On August 19, 1981, the law firm of Chapman, Duff & Paul entered an appearance on plaintiff’s behalf in the case of Chang v. Merit Systems Protection Board and Immigration and Naturalization Service, 677 F.2d 173 (1st Cir.1982), in the United States Court of Appeals for the First Circuit, which appearance, while not personally requested by plaintiff, was not opposed by him or withdrawn at his instance. Furthermore, it was in no way harmful or prejudicial to his case. Said appearance sought judicial review of the MSPB decision of July 21, 1981.

On August 21, 1981, as stated before, this action was filed in this Court by Raul Barrera Morales, Esquire, on behalf of plaintiff.

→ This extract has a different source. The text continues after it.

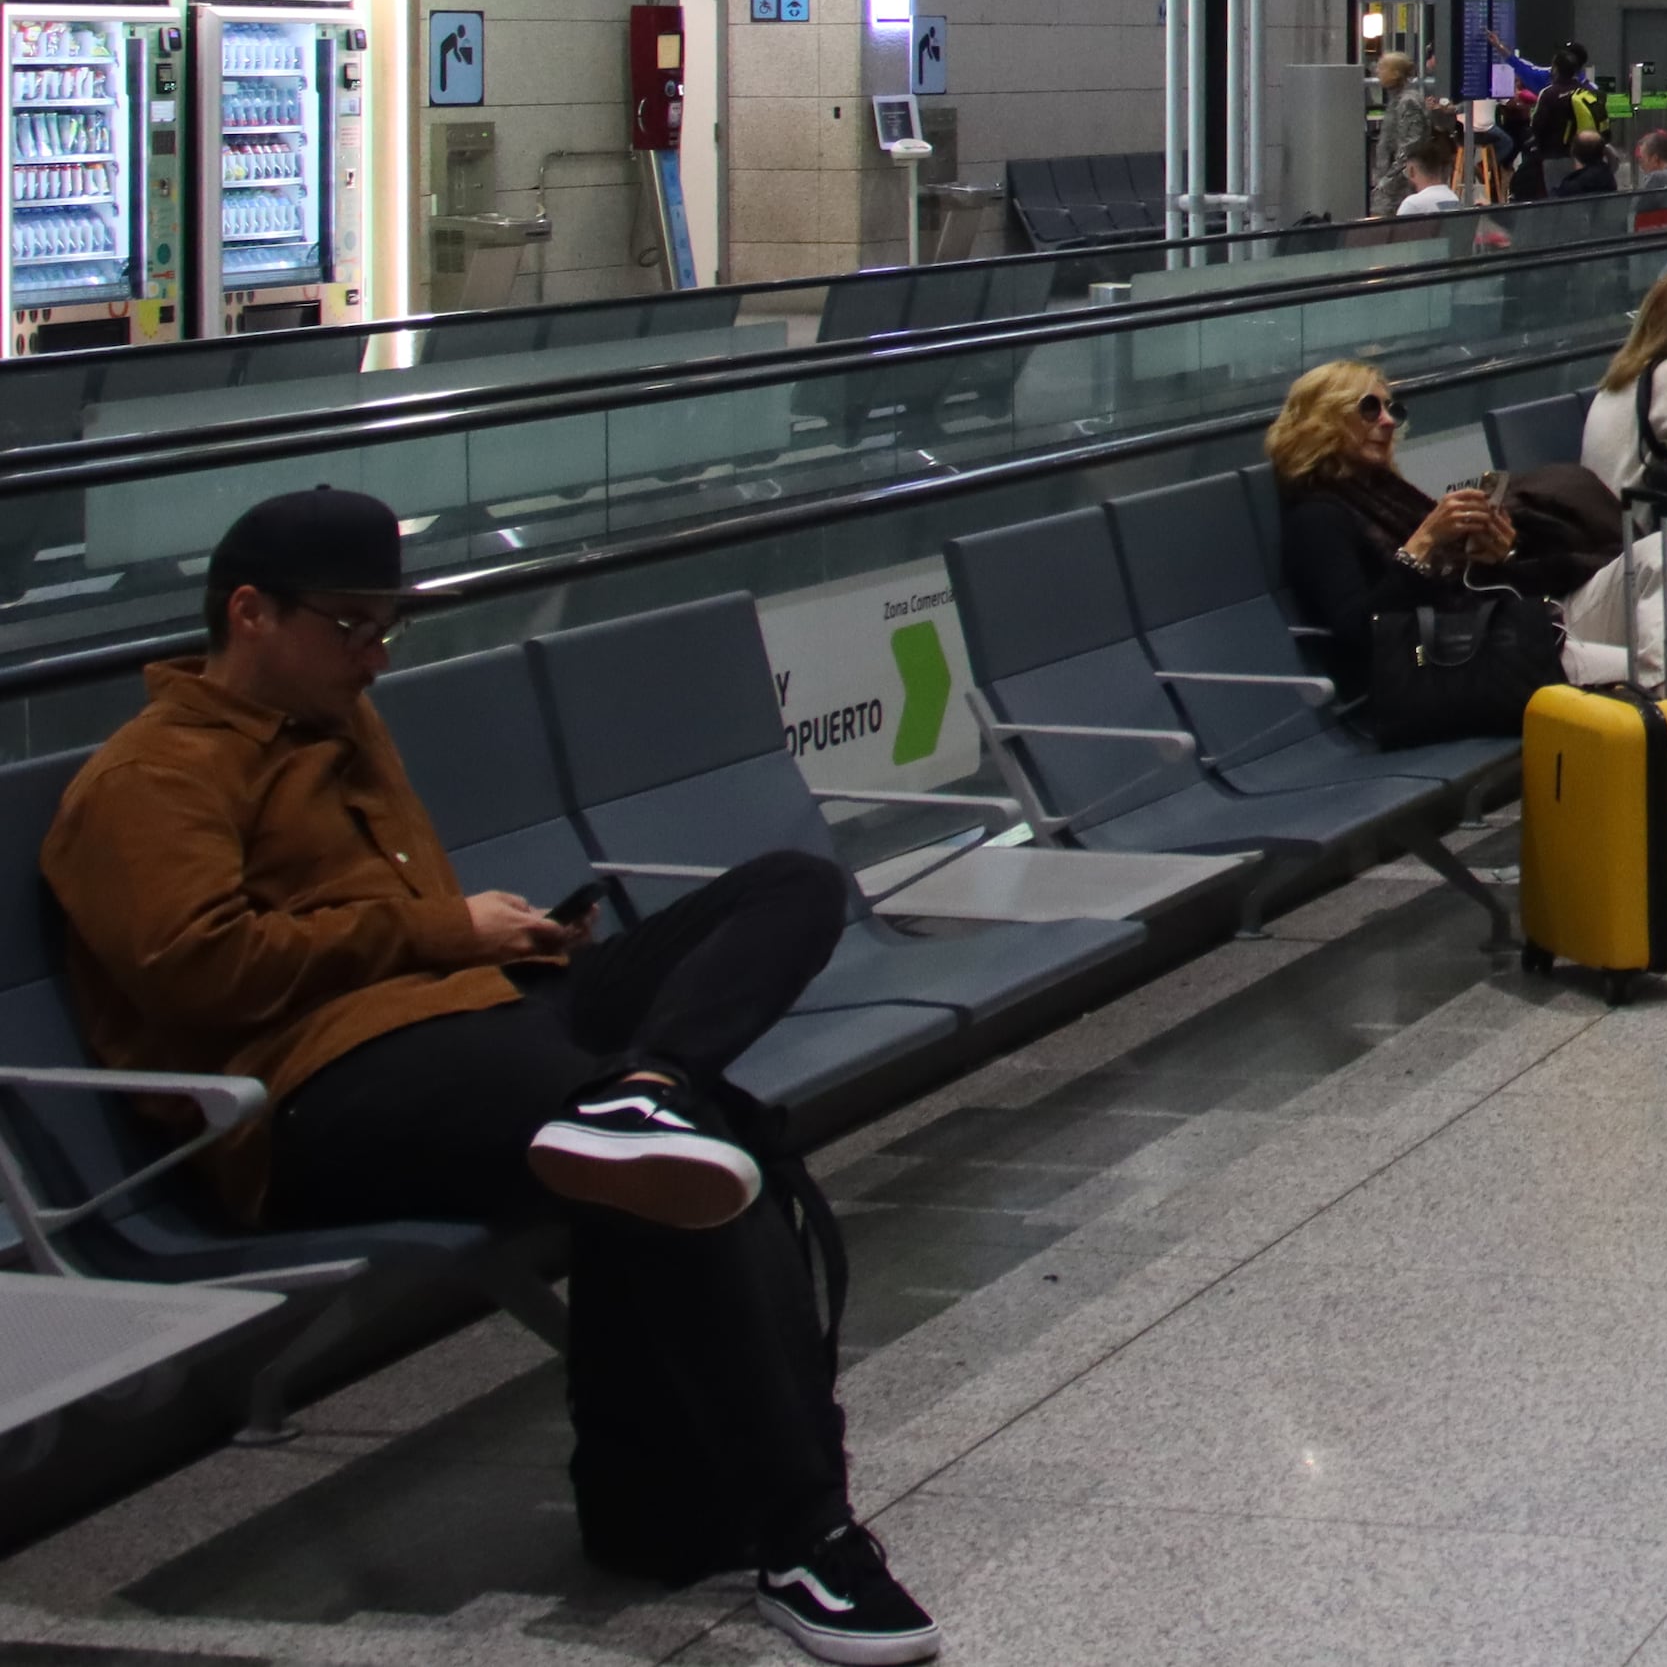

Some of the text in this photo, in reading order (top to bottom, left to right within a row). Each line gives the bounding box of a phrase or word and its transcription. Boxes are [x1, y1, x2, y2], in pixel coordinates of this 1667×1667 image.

[884, 586, 955, 621] Zona Comercia
[775, 670, 791, 707] Y
[784, 698, 883, 758] OPUERTO

In his complaint plaintiff sought “to redress discrimination and to review a final decision of the Merit Systems Protection Board.” (Plaintiff’s Complaint, par. 1). Thus, at the same time this suit was filed, there was in the Court of Appeals for the First Circuit an appeal seeking review of the same MSPB decision of July 21, 1981.

On November of 1981 plaintiff was informed by his attorney that he could not continue as attorney of record because he was accepting a job offer from the Commonwealth of Puerto Rico Justice Department. Mr. Barrera Morales recommended Scott Kalisch, Esquire, whom plaintiff retained. Mr. Kalisch promptly entered his appearance in the case pending in the Court of Appeals.

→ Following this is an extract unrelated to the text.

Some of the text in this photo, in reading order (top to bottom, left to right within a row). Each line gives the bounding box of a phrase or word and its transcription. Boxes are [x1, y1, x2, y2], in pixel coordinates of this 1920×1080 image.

On May 10, 1982, the Court of Appeals for the First Circuit dismissed plaintiff’s appeal for lack of jurisdiction. Chang v. MSPB, 677 F.2d 173 (1st Cir.1982). On June 4, 1982, Mr. Kalisch filed two motions with this Court, one to assume the legal representation of plaintiff and the other one was a “Motion for Voluntary Dismissal by Stipulation” under Rule 41(a)(1) of the Federal Rules of Civil Procedure. Both motions were granted by this Court on June 10, 1982.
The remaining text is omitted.